**Exercise aim:** Only the text belongs in the answer: every line of the records below, transcribed exactly.

**Data entries:**
*** Block opens ***

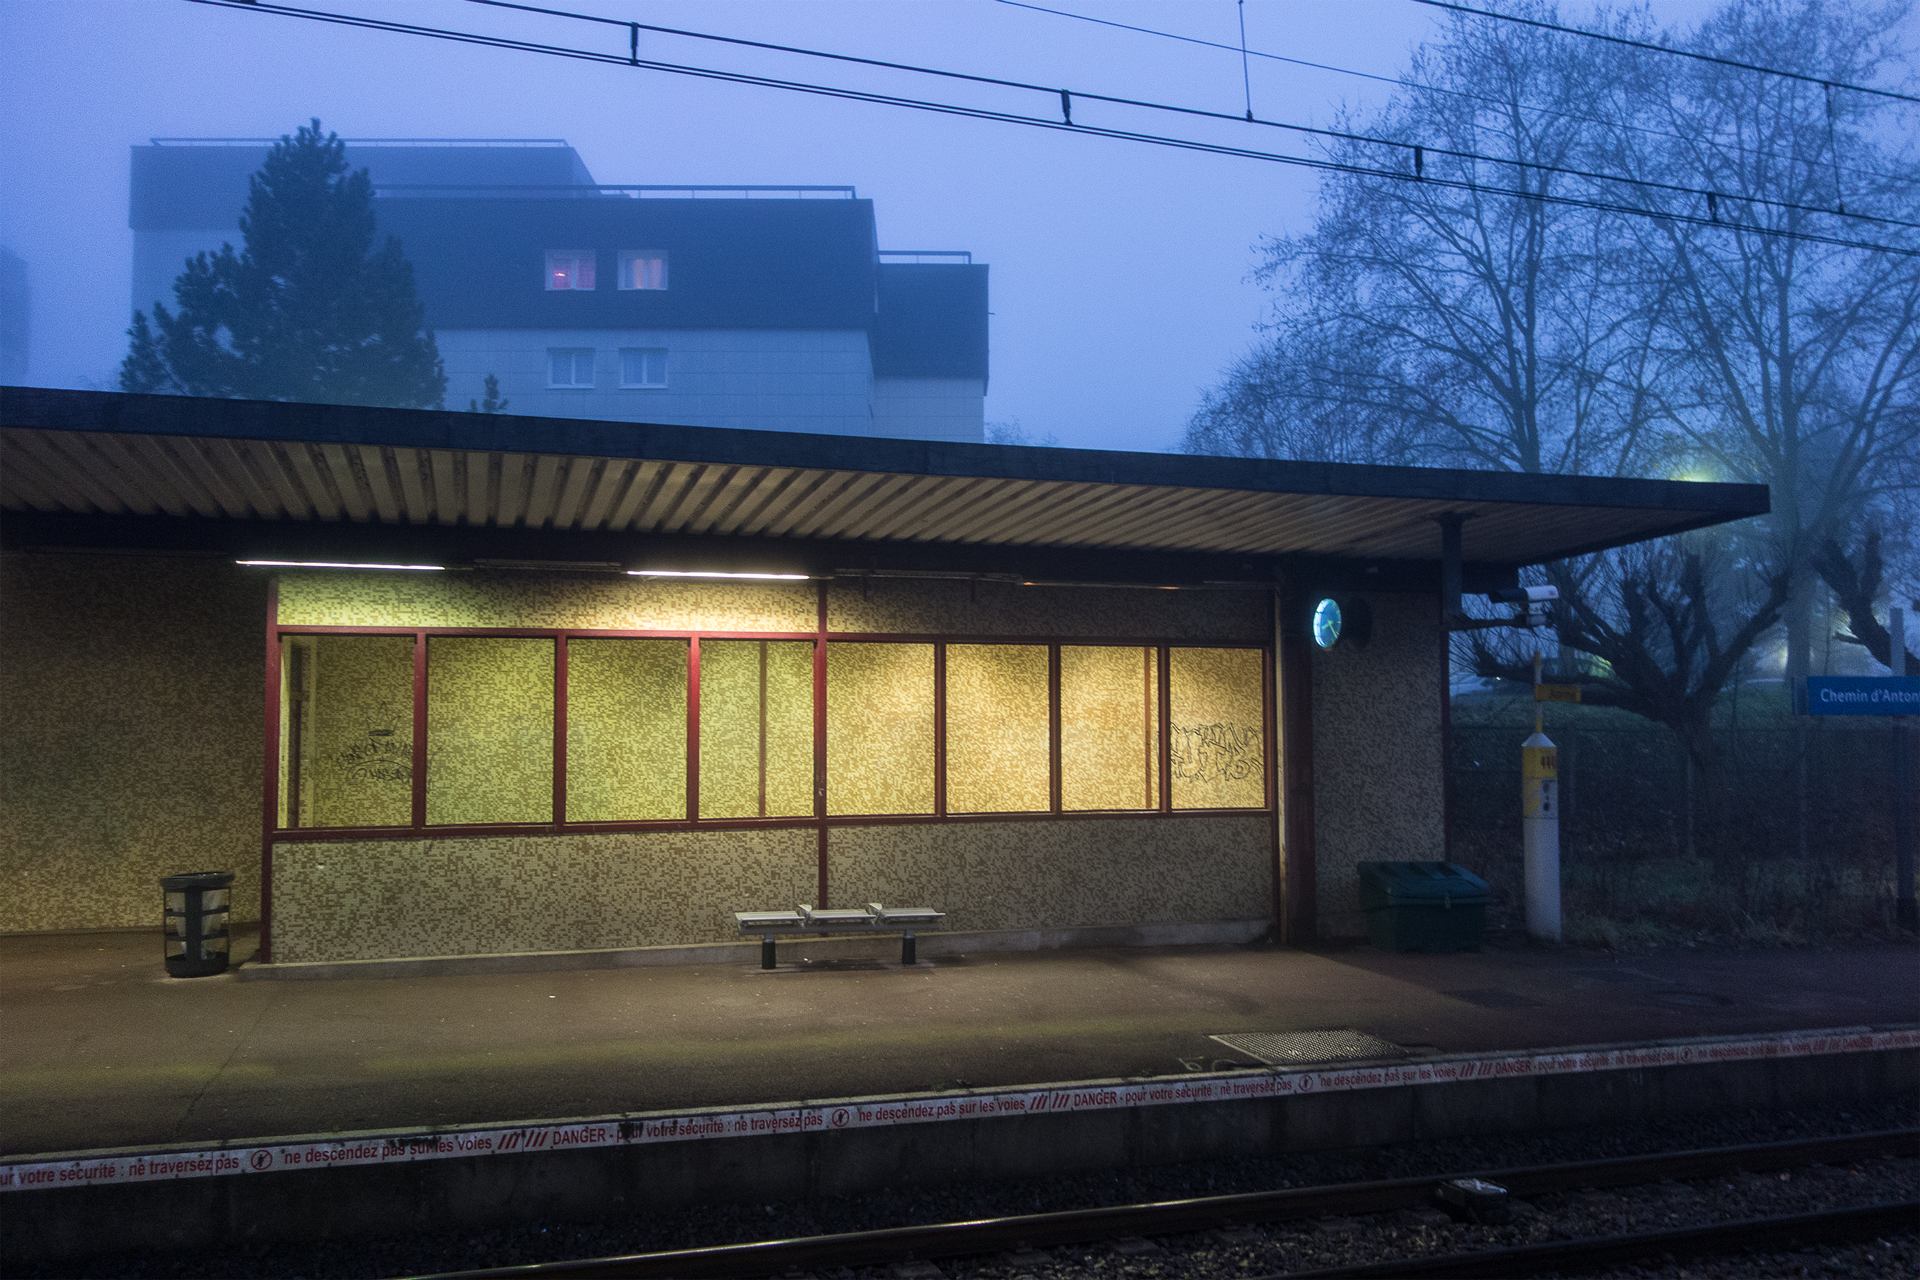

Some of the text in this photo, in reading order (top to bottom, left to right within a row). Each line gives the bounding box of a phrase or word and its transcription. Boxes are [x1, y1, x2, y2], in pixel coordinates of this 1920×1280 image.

[1820, 688, 1868, 702] Chemin
[1496, 1059, 1532, 1074] DANGER
[1074, 1091, 1117, 1107] DANGER
[1125, 1091, 1147, 1104] pour
[1150, 1087, 1173, 1100] votre
[1219, 1084, 1232, 1095] ne
[1233, 1079, 1274, 1095] traversez
[1275, 1079, 1293, 1094] pas
[1320, 1075, 1332, 1087] ne
[1334, 1072, 1382, 1086] descendez
[1384, 1071, 1401, 1084] pas
[553, 1127, 606, 1146] DANGER
[647, 1123, 676, 1137] votre
[735, 1119, 749, 1131] ne
[751, 1115, 800, 1130] traversez
[804, 1115, 823, 1129] pas
[858, 1110, 872, 1122] ne
[876, 1105, 935, 1121] descendez
[937, 1103, 956, 1118] pas
[959, 1102, 977, 1115] sur
[979, 1099, 994, 1113] les
[998, 1097, 1025, 1111] voies
[19, 1168, 55, 1184] votre
[128, 1163, 145, 1176] ne
[149, 1158, 212, 1175] traversez
[215, 1157, 240, 1173] pas
[284, 1151, 300, 1165] ne
[305, 1144, 378, 1163] descendez
[382, 1143, 405, 1161] pas
[458, 1136, 492, 1151] voies
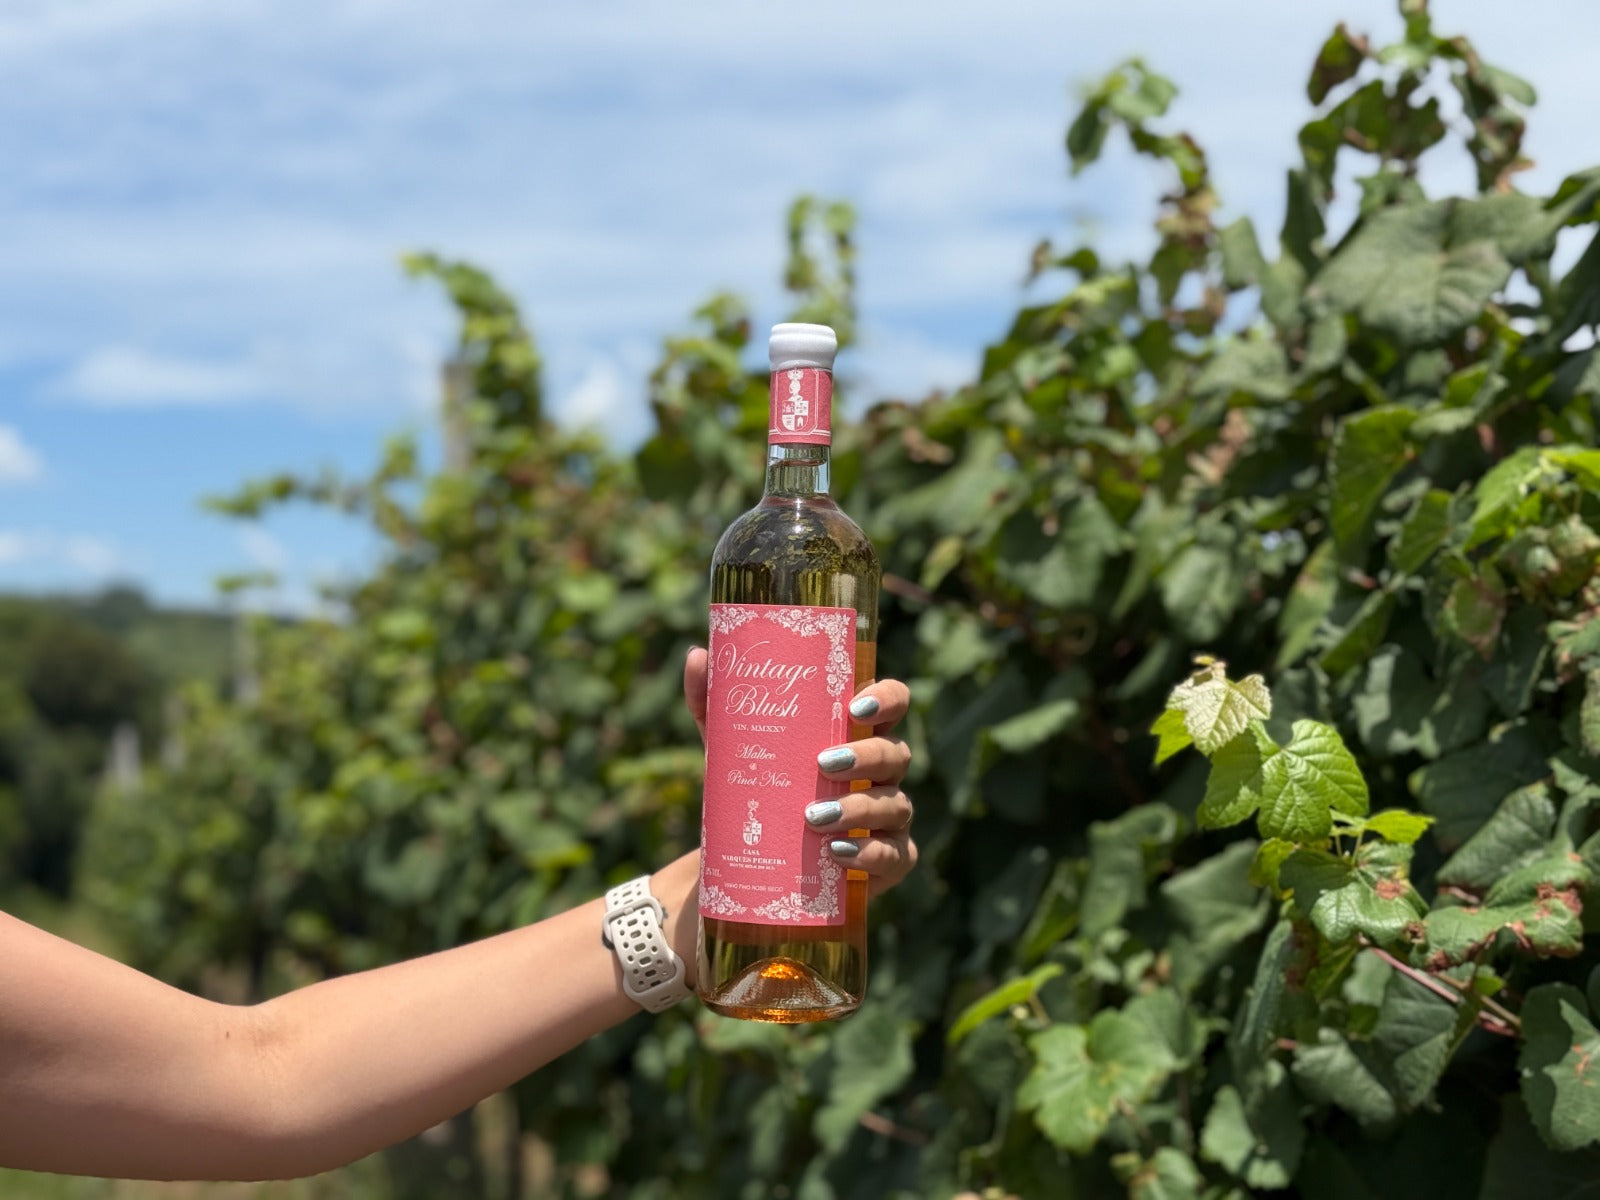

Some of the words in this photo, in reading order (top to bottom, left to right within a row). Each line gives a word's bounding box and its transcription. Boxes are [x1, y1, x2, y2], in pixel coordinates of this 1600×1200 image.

*** Block closes ***

**Response to this exercise:**
Some of the text in this photo, in reading order (top to bottom, left to right within a row). Each line gives the bounding box of a phrase or word and its transcription. Boxes are [x1, y1, x2, y2], in pixel coordinates of this 1920×1280 image.

[1820, 688, 1868, 702] Chemin
[1496, 1059, 1532, 1074] DANGER
[1074, 1091, 1117, 1107] DANGER
[1125, 1091, 1147, 1104] pour
[1150, 1087, 1173, 1100] votre
[1219, 1084, 1232, 1095] ne
[1233, 1079, 1274, 1095] traversez
[1275, 1079, 1293, 1094] pas
[1320, 1075, 1332, 1087] ne
[1334, 1072, 1382, 1086] descendez
[1384, 1071, 1401, 1084] pas
[553, 1127, 606, 1146] DANGER
[647, 1123, 676, 1137] votre
[735, 1119, 749, 1131] ne
[751, 1115, 800, 1130] traversez
[804, 1115, 823, 1129] pas
[858, 1110, 872, 1122] ne
[876, 1105, 935, 1121] descendez
[937, 1103, 956, 1118] pas
[959, 1102, 977, 1115] sur
[979, 1099, 994, 1113] les
[998, 1097, 1025, 1111] voies
[19, 1168, 55, 1184] votre
[128, 1163, 145, 1176] ne
[149, 1158, 212, 1175] traversez
[215, 1157, 240, 1173] pas
[284, 1151, 300, 1165] ne
[305, 1144, 378, 1163] descendez
[382, 1143, 405, 1161] pas
[458, 1136, 492, 1151] voies

Some of the words in this photo, in reading order (top to bottom, left to right within a row). Each line gives a word's bounding box and its transcription. Boxes are [x1, y1, x2, y2], in pixel coordinates of this 1600×1200 image.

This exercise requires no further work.